Extracted information START

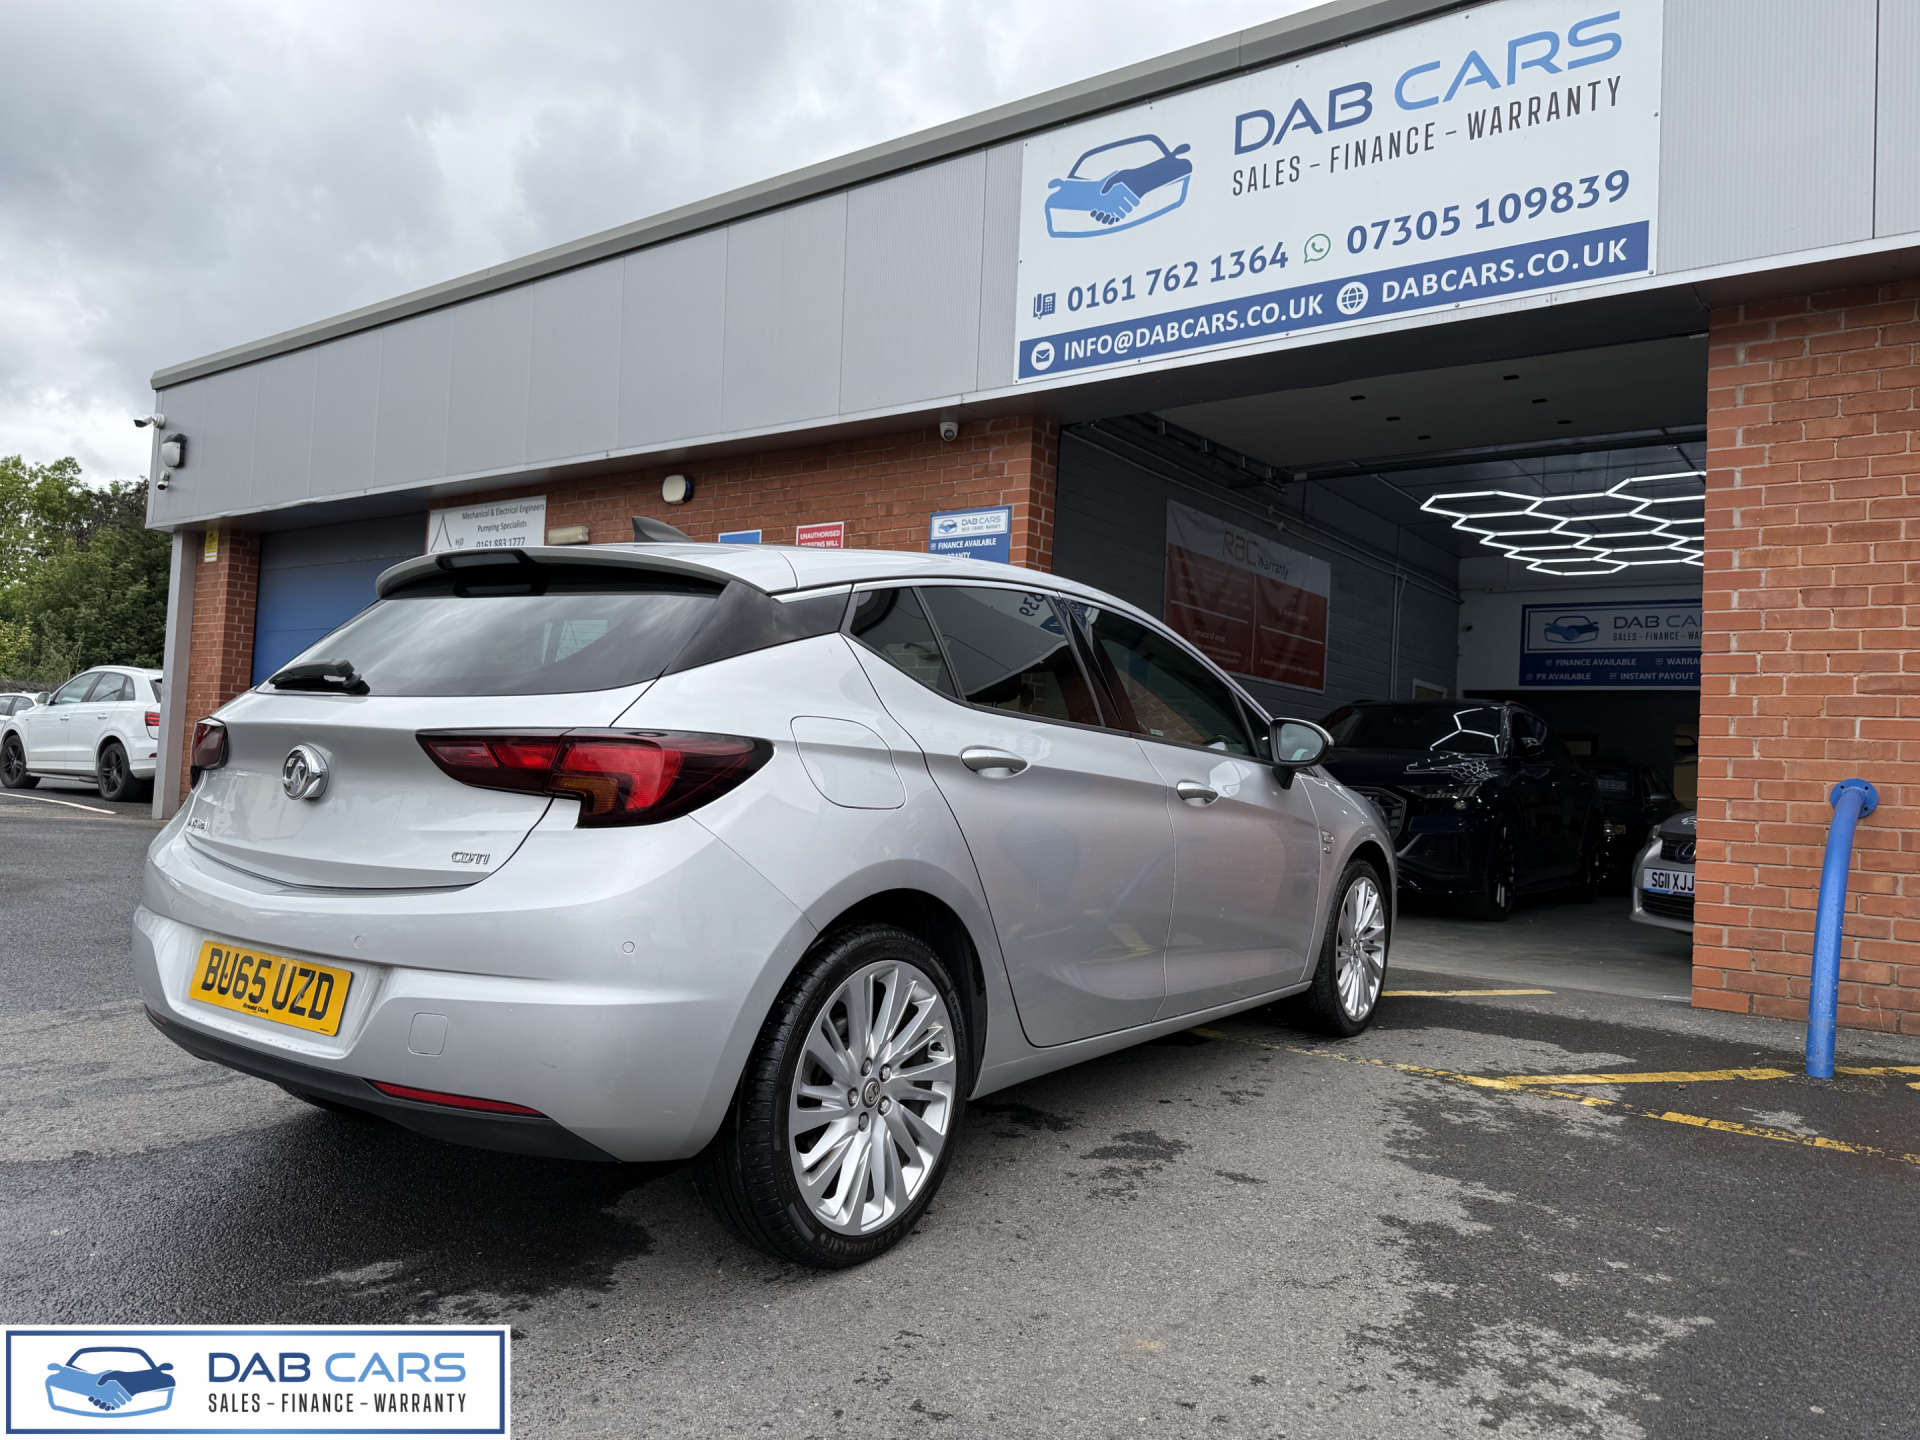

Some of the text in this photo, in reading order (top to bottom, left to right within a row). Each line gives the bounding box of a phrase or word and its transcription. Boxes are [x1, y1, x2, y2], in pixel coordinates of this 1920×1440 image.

[1233, 10, 1622, 156] DAB CARS
[1232, 155, 1301, 196] SALES
[1329, 122, 1436, 173] FINANCE
[1467, 75, 1622, 140] WARRANTY
[1347, 169, 1630, 254] 07305 109839
[1067, 241, 1289, 312] 0161 762 1364
[1381, 237, 1628, 303] DABCARS.CO.UK
[1063, 293, 1324, 362] INFO@DABCARS.CO.UK
[938, 537, 997, 551] FINANCE AVAILABLE
[1613, 615, 1698, 629] DAB CA
[201, 947, 335, 1021] BU65 UZD

Extracted information END

Write every line of the data out again exactly, leaving out all images.

Some of the text in this photo, in reading order (top to bottom, left to right within a row). Each line gives the bounding box of a phrase or word and its transcription. Boxes are [x1, y1, x2, y2], in pixel coordinates of this 1920×1440 image.

[1233, 10, 1622, 156] DAB CARS
[1232, 155, 1301, 196] SALES
[1329, 122, 1436, 173] FINANCE
[1467, 75, 1622, 140] WARRANTY
[1347, 169, 1630, 254] 07305 109839
[1067, 241, 1289, 312] 0161 762 1364
[1381, 237, 1628, 303] DABCARS.CO.UK
[1063, 293, 1324, 362] INFO@DABCARS.CO.UK
[938, 537, 997, 551] FINANCE AVAILABLE
[1613, 615, 1698, 629] DAB CA
[201, 947, 335, 1021] BU65 UZD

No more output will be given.